Barcott just finished a story that used a style of broken line structure found in many magazine features. (For a template of the typical nature essay structure, see Author Brian Doyle’s 2008 Orion piece, The Greatest Nature Essay Ever.) Barcott’s piece opened in the middle of the action, then proceeded to a billboard nutgraph followed by a history of the issue, then returned to the present day story and from there, built toward the resolution or the future of the issue. “Usually I don’t outline. I have a groove in my head,” says Barcott. “I’ll know what the general theme of the story is, but a lot of the finer points and sub-themes emerge in the writing. I wrote something last week where I realized, oh, this foreshadows what happens later. Sometimes that only comes out in the actual writing process.”

For the writer sitting on a pile of research and a sense of panic as the deadline closes in, Barcott offers this advice: “Find some similar articles and diagram the hell out of them,” says Barcott. “Figure out that this section does this and this other section does that and then copy that structure. Don’t copy somebody else’s words, but you can use their structure.”

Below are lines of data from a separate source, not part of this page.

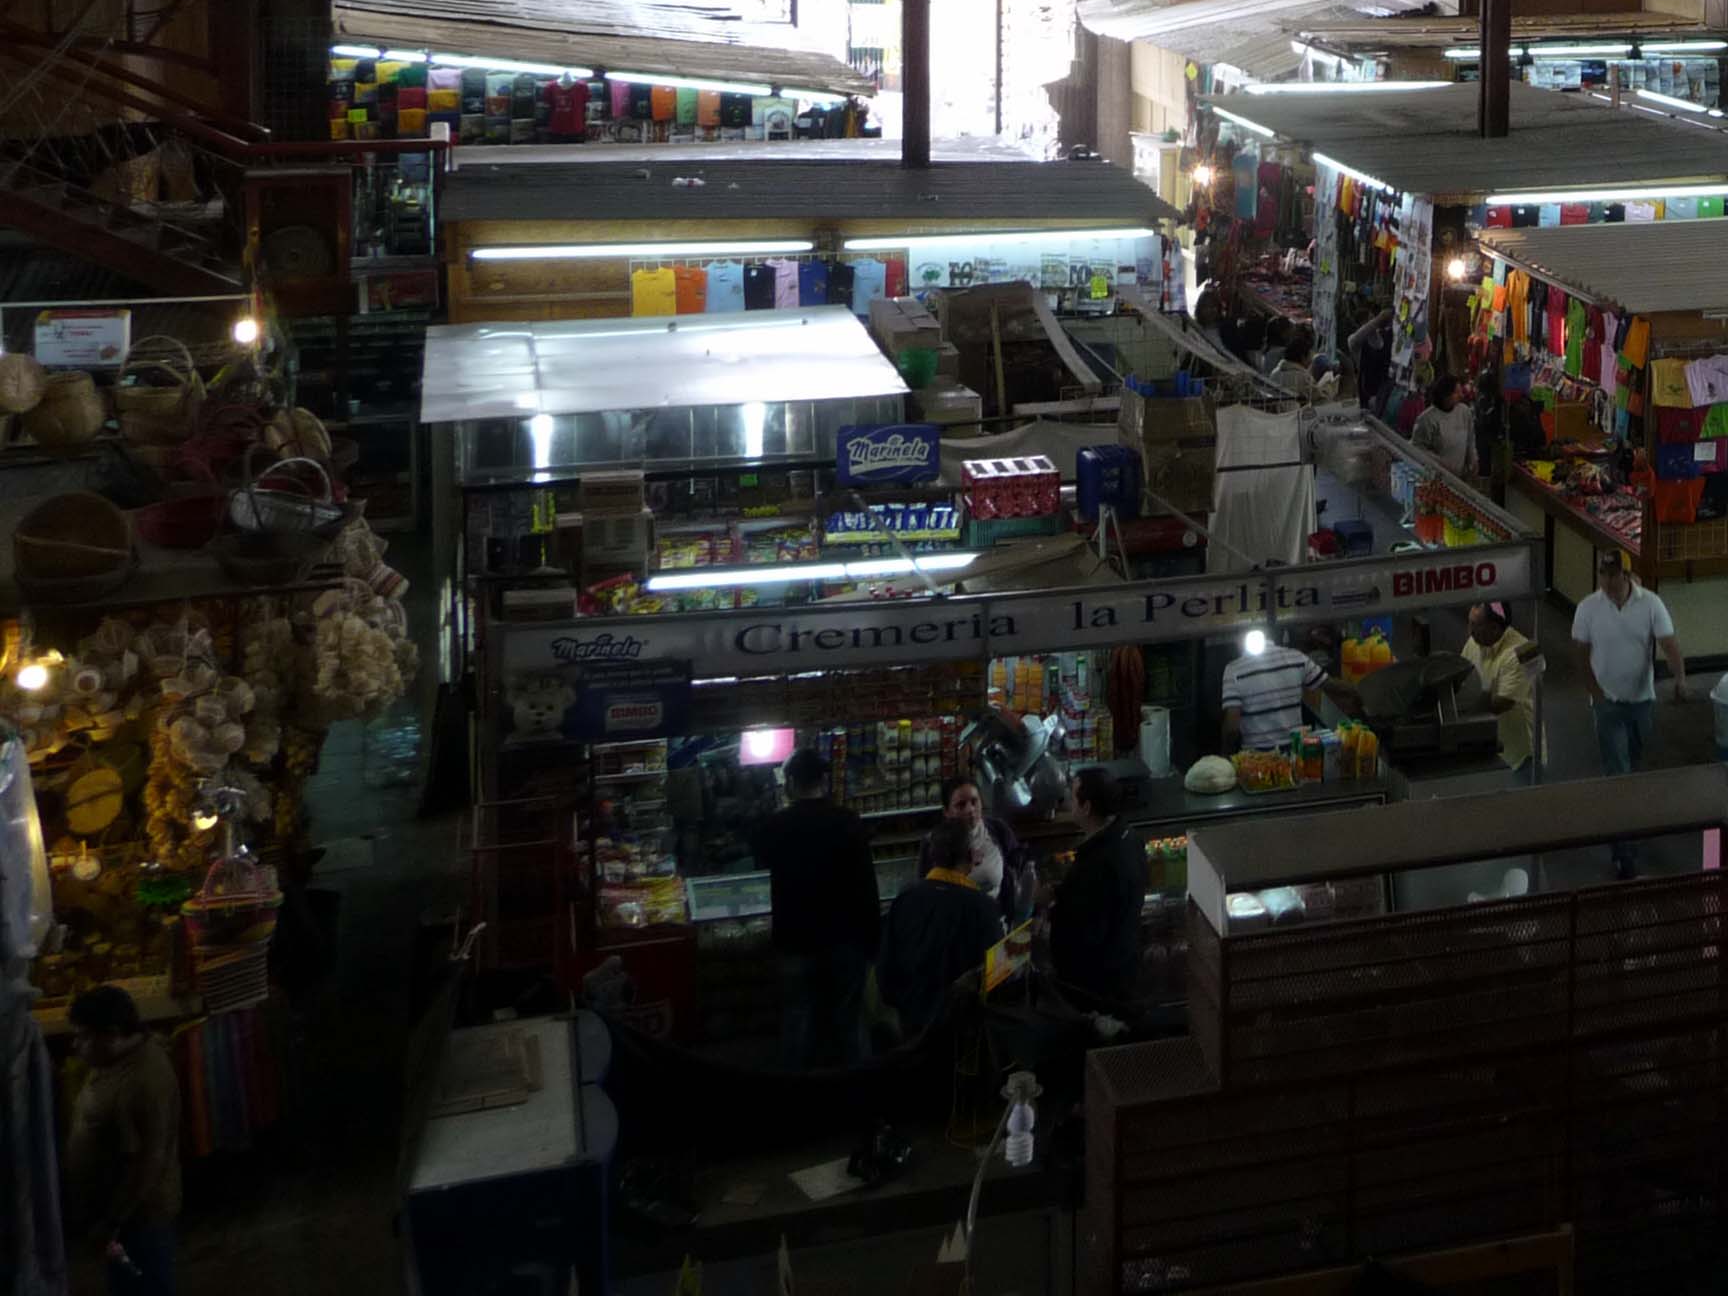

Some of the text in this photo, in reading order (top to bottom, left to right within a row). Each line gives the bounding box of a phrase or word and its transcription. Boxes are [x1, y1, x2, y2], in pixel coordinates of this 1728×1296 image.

[846, 434, 931, 463] Marinela
[1393, 561, 1497, 598] BIMBO
[736, 584, 1319, 655] Cremeria la Perlita
[552, 633, 642, 661] Marinela
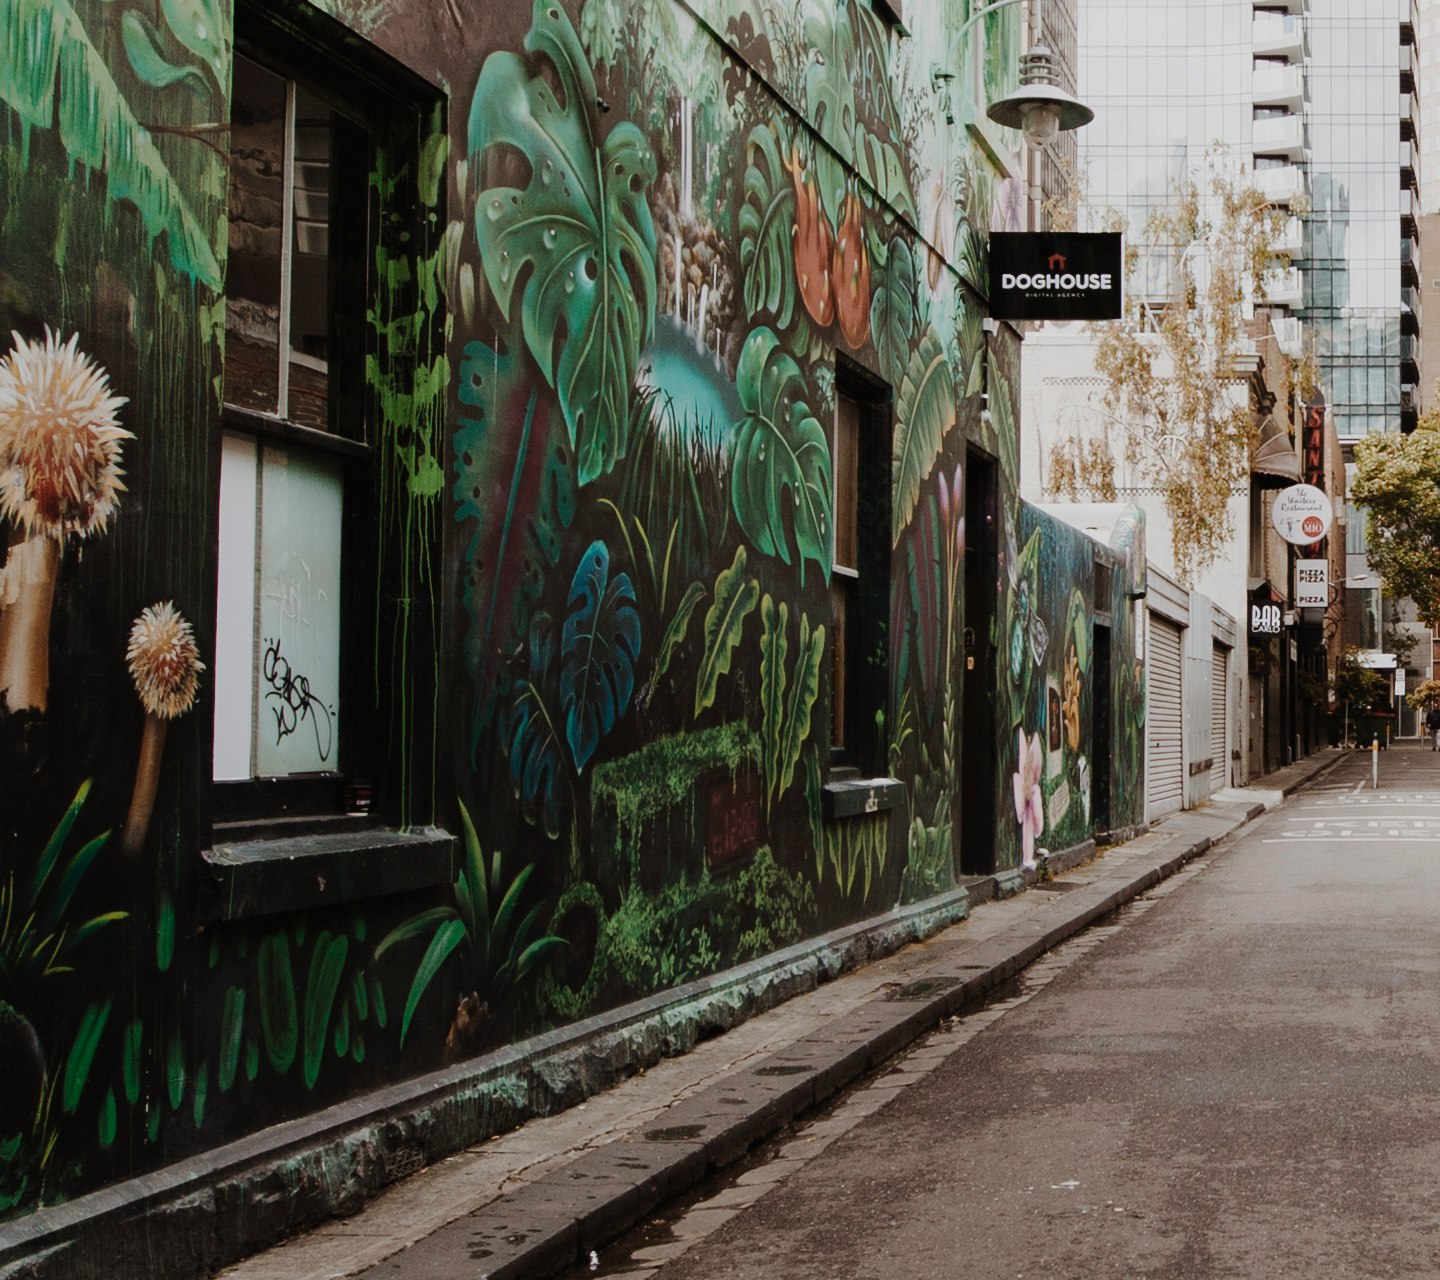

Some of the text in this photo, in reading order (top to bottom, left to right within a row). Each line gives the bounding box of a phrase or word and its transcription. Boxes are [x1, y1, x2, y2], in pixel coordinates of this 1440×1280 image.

[1001, 273, 1112, 290] DOGHOUSE
[1296, 488, 1307, 497] The
[1280, 502, 1323, 512] Restaurant
[1251, 605, 1281, 626] BAR
[1251, 625, 1281, 634] CARLO
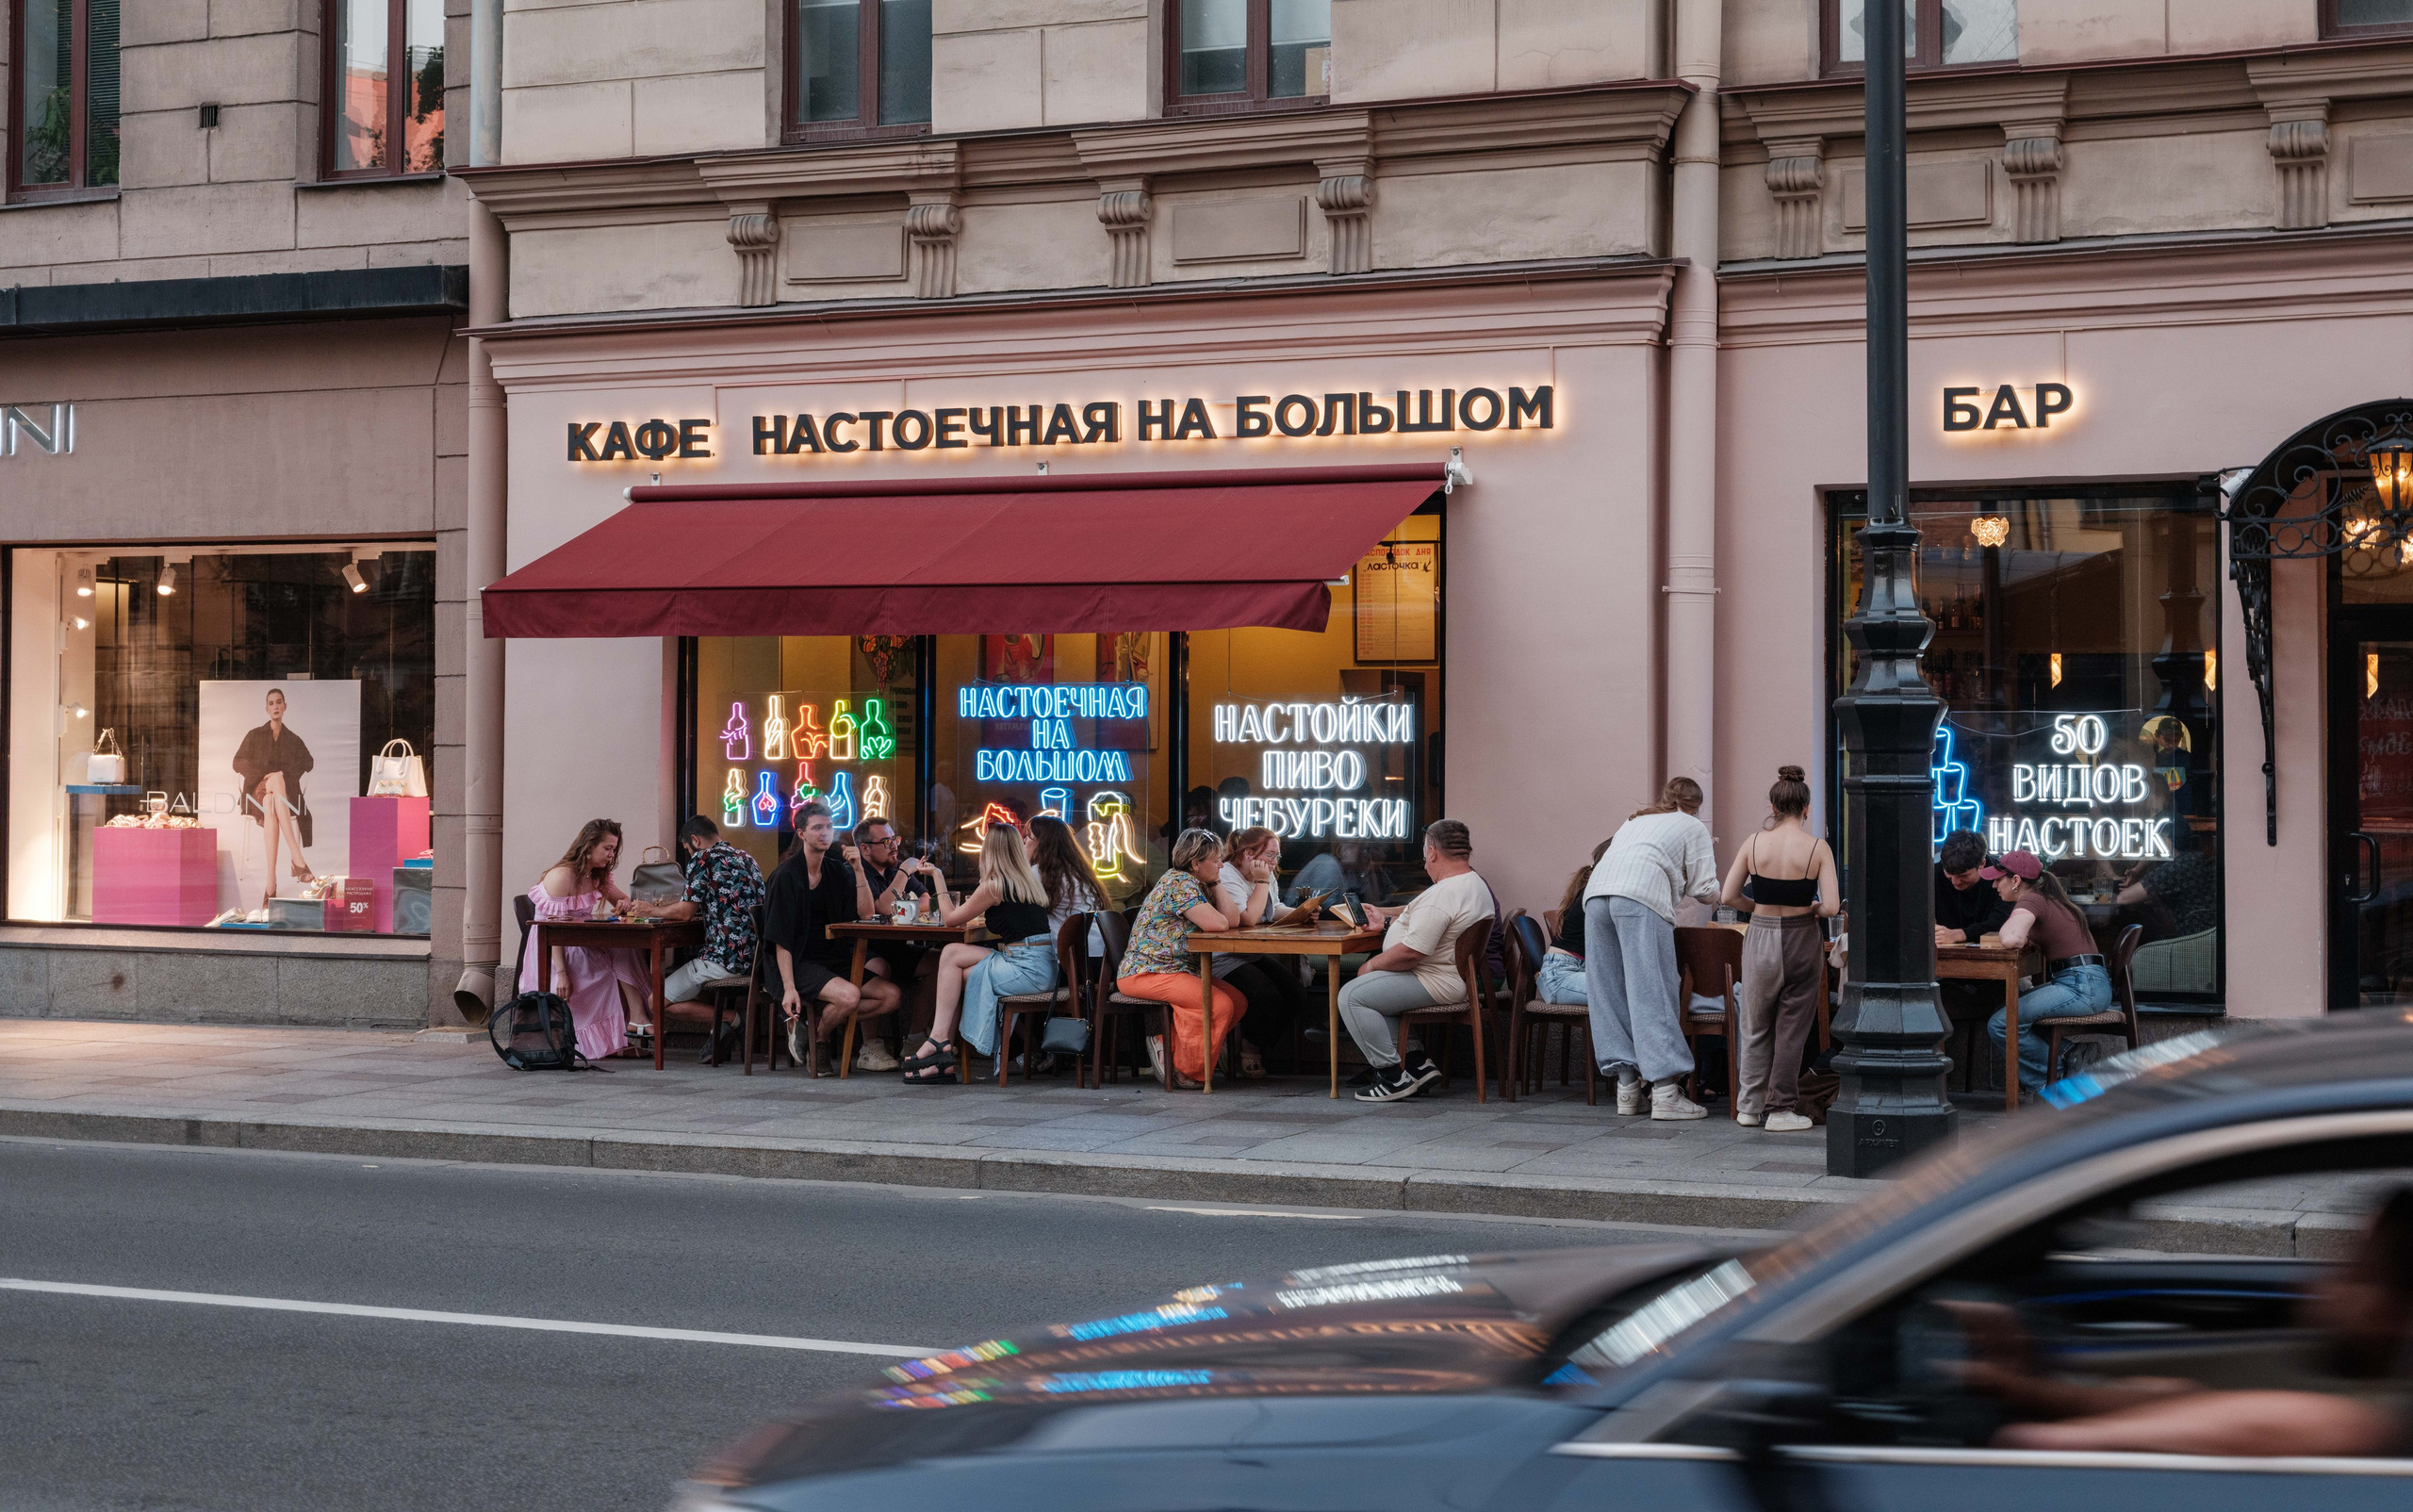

If you really get stuck, watch some movies. Rebecca Skloot finally worked out the structure of her award-winning book The Immortal Life of Henrietta Lacks after watching (and storyboarding) the movie The Hurricane. If that doesn’t work, spend some more time with your dog — either literally or figuratively. Nothing provides a more reliable source of “a-ha” moments than a walk outside with the dog.

Christie and the expertly named Oskar

Guest contributor Christie Aschwanden is an award-winning writer whose work has appeared in dozens of publications, including The New York Times, The Washington Post, O, the Oprah Magazine, Mother Jones, Health, Skiing, Runner’s World, Men’s Journal, National Wildlife, Reader’s Digest, and New Scientist. She was a National Magazine Award finalist in 2011, and she blogs with some science writer friends at The Last Word on Nothing. She lives in western Colorado. Follow Christie on Twitter @cragcrest.

Photo at top by Shutterstock.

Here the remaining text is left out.